= Robert Sward =

American and Canadian poet (1933–2022)

Robert Sward (23 June 1933 – 21 February 2022) was an American and Canadian poet and novelist.

Jack Foley, in his introduction to Sward's Collected Poems, 1957–2004, called him, "in truth, a citizen, at heart, of both countries. At once a Canadian and American poet, one with a foot in both worlds, Sward also inhabits an enormous in-between."

==Early years==

Sward was born on 23 June 1933 and raised in Chicago, Illinois.
He began writing poetry at the age of 15 when he became involved with a street gang and used rhyming couplets in his notes to the other gang members. He graduated from Von Steuben High School at 17 and quit his job as a soda jerk in a pharmacy to join the United States Navy. In 1952, he was stationed in Korea on an amphibious ship, LST 914. A Yeoman 3rd Class, Sward soon became the head of the ship's library, while serving in the combat zone during the Korean War.

==University==
He taught at Cornell University, 1964–65, where he first experimented with computer-generated poetry and served on the editorial board of Epoch. He went on to teach at the Iowa Writers' Workshop, the University of Victoria, and the University of California, Santa Cruz.

==Working in media==
In the 1980s, he worked for the CBC, where he interviewed and produced 60-minute radio features on Leonard Cohen, Margaret Atwood, Earle Birney, John Robert Colombo, Al Purdy, Gwendolyn MacEwen, and other leading Canadian figures. His Quill & Quire interview with Nobel prize winner, Saul Bellow, was widely read. Sward also worked as journalist, book reviewer and feature writer for The Toronto Star, The Globe and Mail, and The Financial Times in Toronto, Ontario while living on the Toronto Islands. He received a Canada Council grant to research and write The Toronto Islands (1983), a best-selling (Source: Dreadnaught Press publisher, 1983) illustrated history of a unique community, from prehistoric times to the present.

==Awards==
A Fulbright Scholar and Guggenheim Fellow, he was chosen by Lucille Clifton to receive a Villa Montalvo Literary Arts Award and was the author of 30 books of poetry, fiction and nonfiction. He was published widely in numerous anthologies and traditional literary magazines, such as The New Yorker, Poetry Chicago, and The Hudson Review. Sward later worked as technical writer and editor for Santa Cruz Operation (SCO), and served as "bridge person" between traditional hard copy academic periodicals and literary eZines.

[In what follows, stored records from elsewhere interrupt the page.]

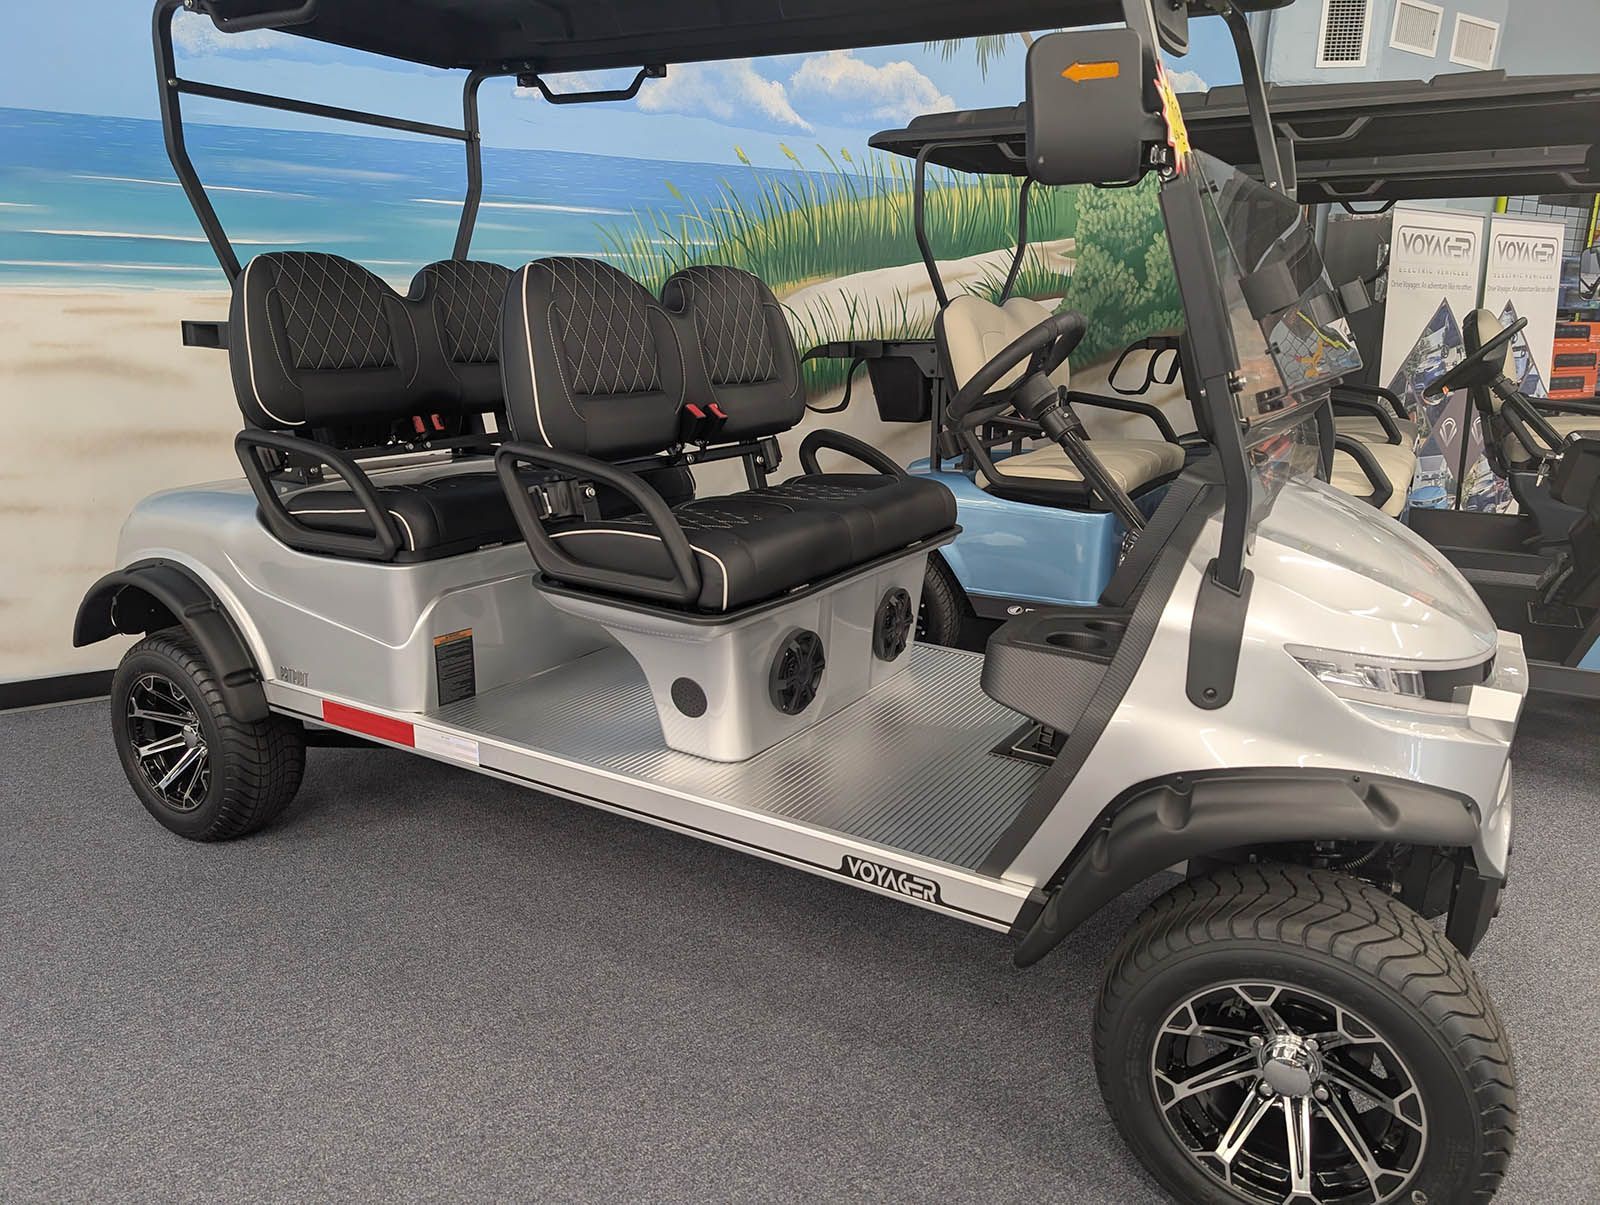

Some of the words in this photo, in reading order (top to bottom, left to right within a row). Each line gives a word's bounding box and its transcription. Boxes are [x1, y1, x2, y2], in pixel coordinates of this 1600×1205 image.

[1402, 232, 1472, 259] VOYAGER
[1498, 240, 1555, 263] VOYAGER
[846, 856, 937, 903] VOYAGER
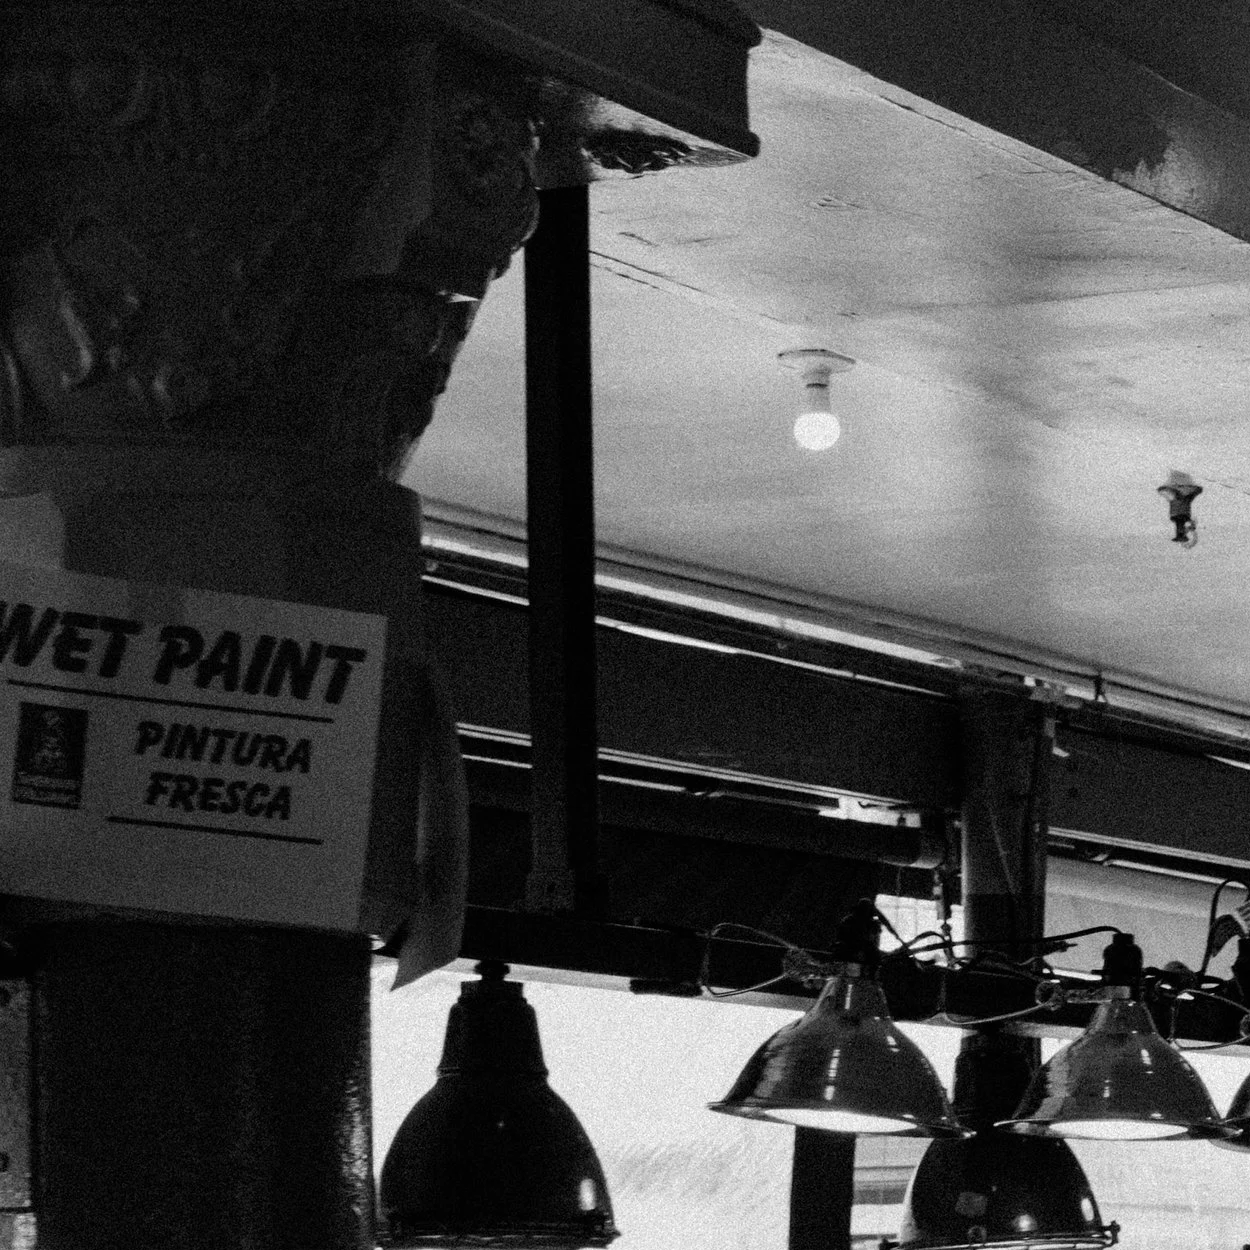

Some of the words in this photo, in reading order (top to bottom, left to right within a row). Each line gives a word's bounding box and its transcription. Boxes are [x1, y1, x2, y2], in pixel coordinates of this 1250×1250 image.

[0, 602, 143, 678] WET
[153, 625, 367, 704] PAINT
[134, 720, 312, 774] PINTURA
[147, 771, 292, 821] FRESCA
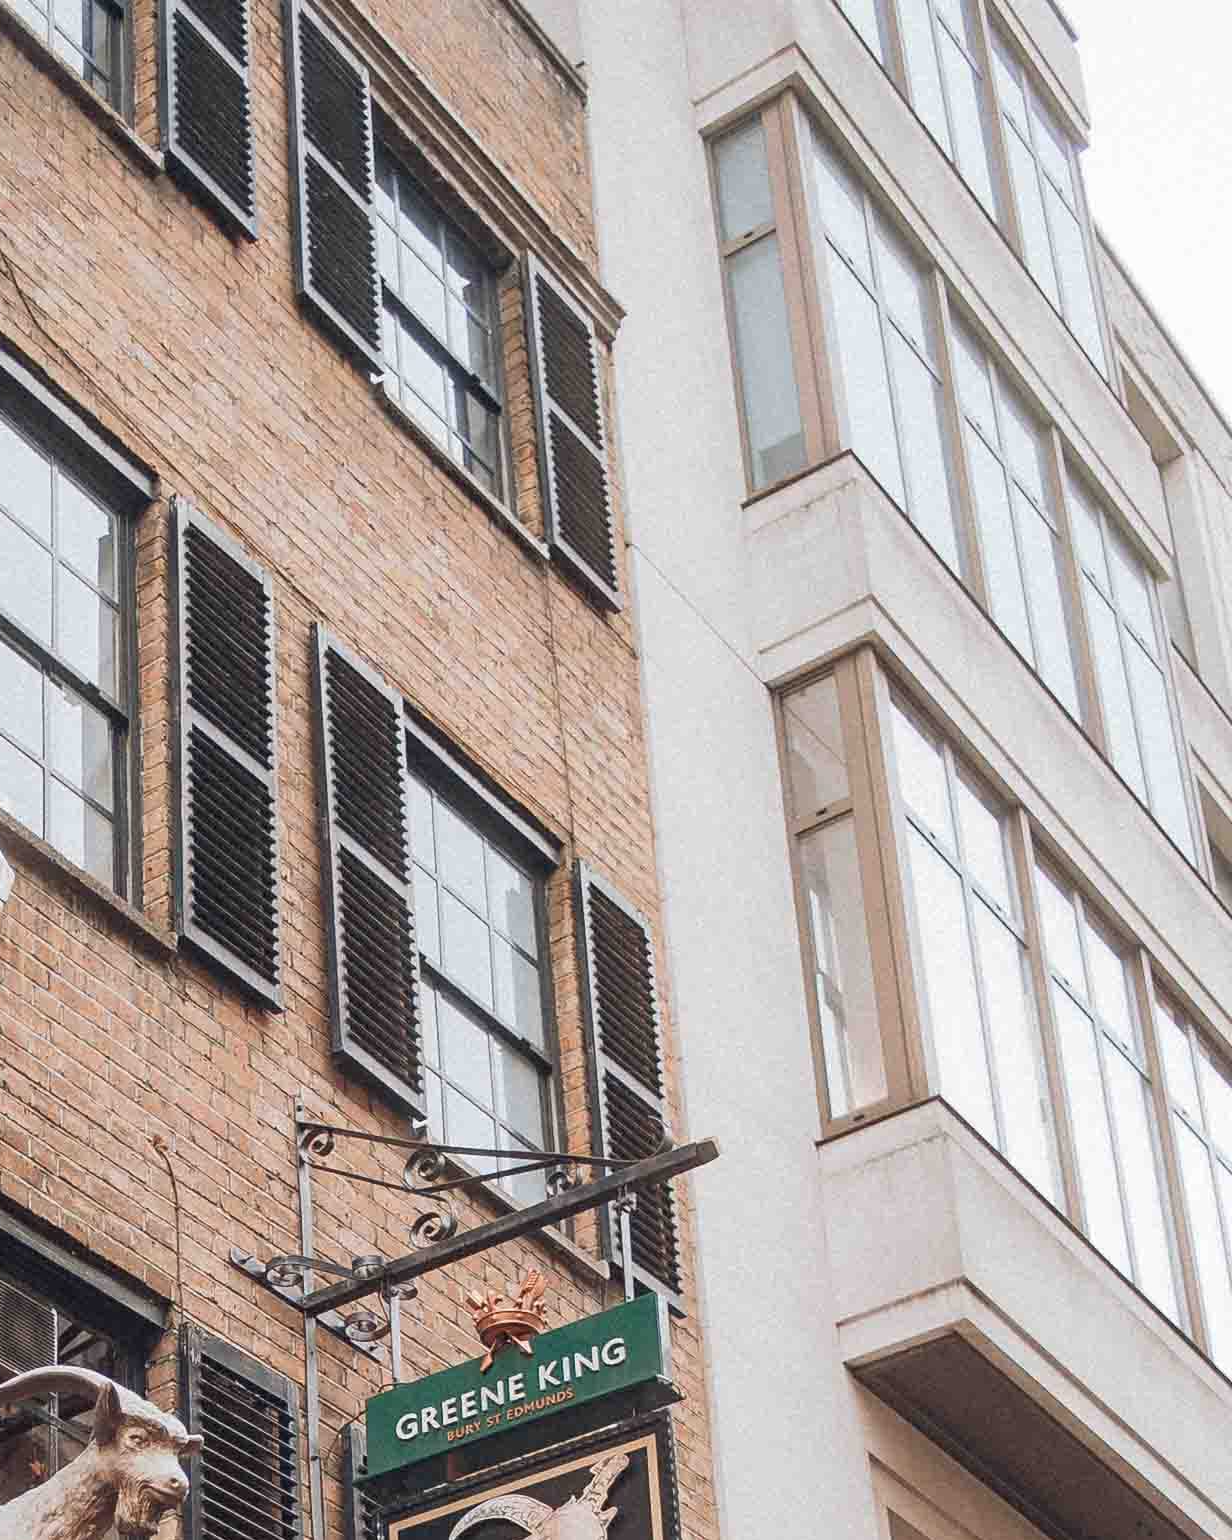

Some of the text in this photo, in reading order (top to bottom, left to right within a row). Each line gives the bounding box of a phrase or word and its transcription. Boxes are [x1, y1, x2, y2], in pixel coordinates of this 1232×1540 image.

[395, 1337, 627, 1440] GREENE KING
[447, 1388, 575, 1442] BURY ST EDMUNDS
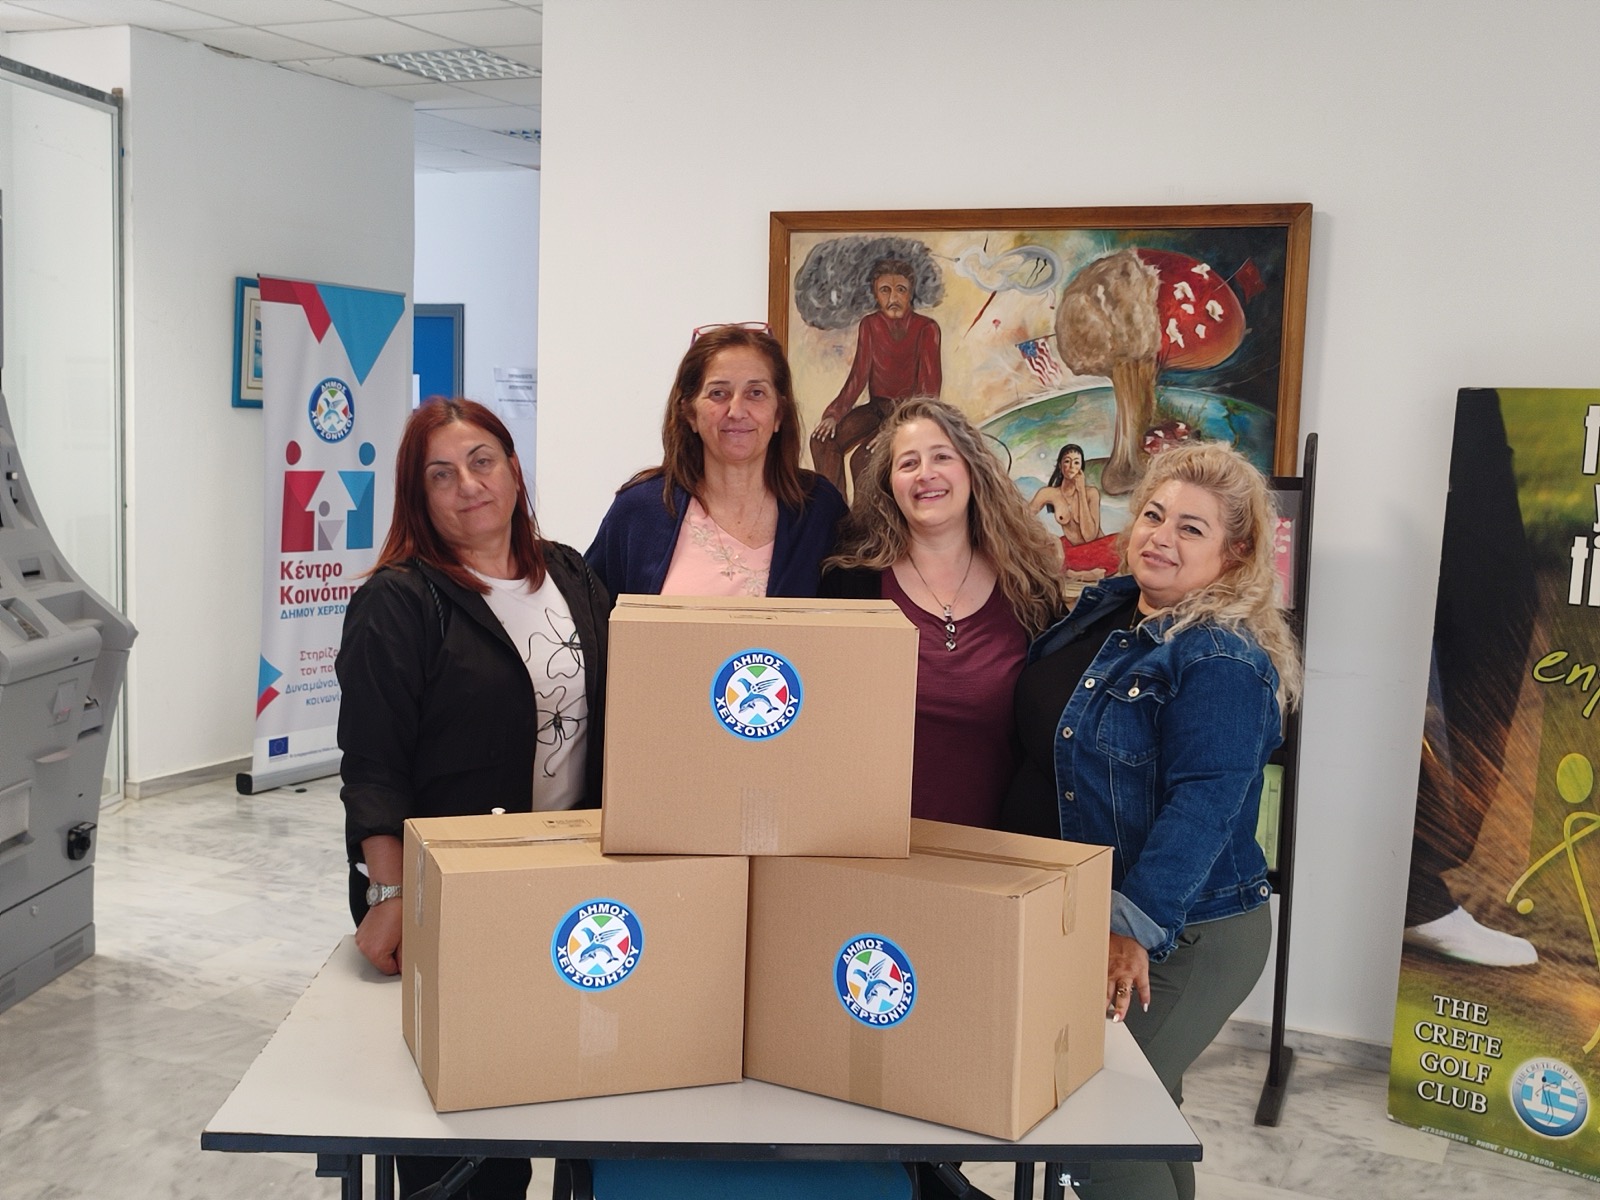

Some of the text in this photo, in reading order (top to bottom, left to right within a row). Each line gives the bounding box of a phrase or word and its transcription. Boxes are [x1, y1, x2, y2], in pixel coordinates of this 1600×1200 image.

[321, 381, 347, 393] ΔΗΜΟΣ
[280, 560, 343, 582] Κέντρο
[280, 582, 362, 605] Κοινότητ
[280, 604, 348, 619] ΔΗΜΟΥ ΧΕΡΣΟ
[301, 665, 334, 676] τον πο
[732, 654, 784, 670] ΔΗΜΟΣ
[715, 694, 799, 736] ΧΕΡΣΟΝΗΣΟΥ
[579, 903, 629, 921] ΔΗΜΟΣ
[842, 939, 884, 964] ΔΗΜΟΣ
[557, 945, 640, 987] ΧΕΡΣΟΝΗΣΟΥ
[842, 970, 913, 1024] ΧΕΡΣΟΝΗΣΟΥ
[1433, 995, 1489, 1025] THE
[1414, 1021, 1502, 1058] CRETE
[1420, 1052, 1491, 1084] GOLF
[1417, 1080, 1488, 1114] CLUB

In September 2016, at Second Annual Voices of the River Poetry Celebration, supported by a grant from Arts Council Santa Cruz County, sponsored by Bookshop Santa Cruz, Poetry Santa Cruz and the Coastal Watershed Council, Robert Sward was named Poet Laureate of Santa Cruz County, 2016–2018. The preceding Poets Laureate included Gary Young, David Swanger and Ellen Bass

In 2020 Sward received a Reginald Lockett Lifetime Achievement Award from PEN Oakland.

==Internet publishing==
He began publishing on the Internet in the late 1980s and early 90s with appearances in Alsop Review, Blue Moon Review, Web de Sol, X-Connect, eSCENE, Fiction Online, Hawk, Realpoetik, and Zero City. His essay, "Why I Publish in e-Zines", appeared online in 1995 and has been widely reprinted. Sward's "Earthquake Collage," impressions, news items, poetry, and facts regarding the 1989 Loma Prieta earthquake and its aftermath, appeared in "Pathways to the Past, Adventures in Santa Cruz County History, History Journal Number 6," Museum of Art and History, Santa Cruz, CA, April 2009.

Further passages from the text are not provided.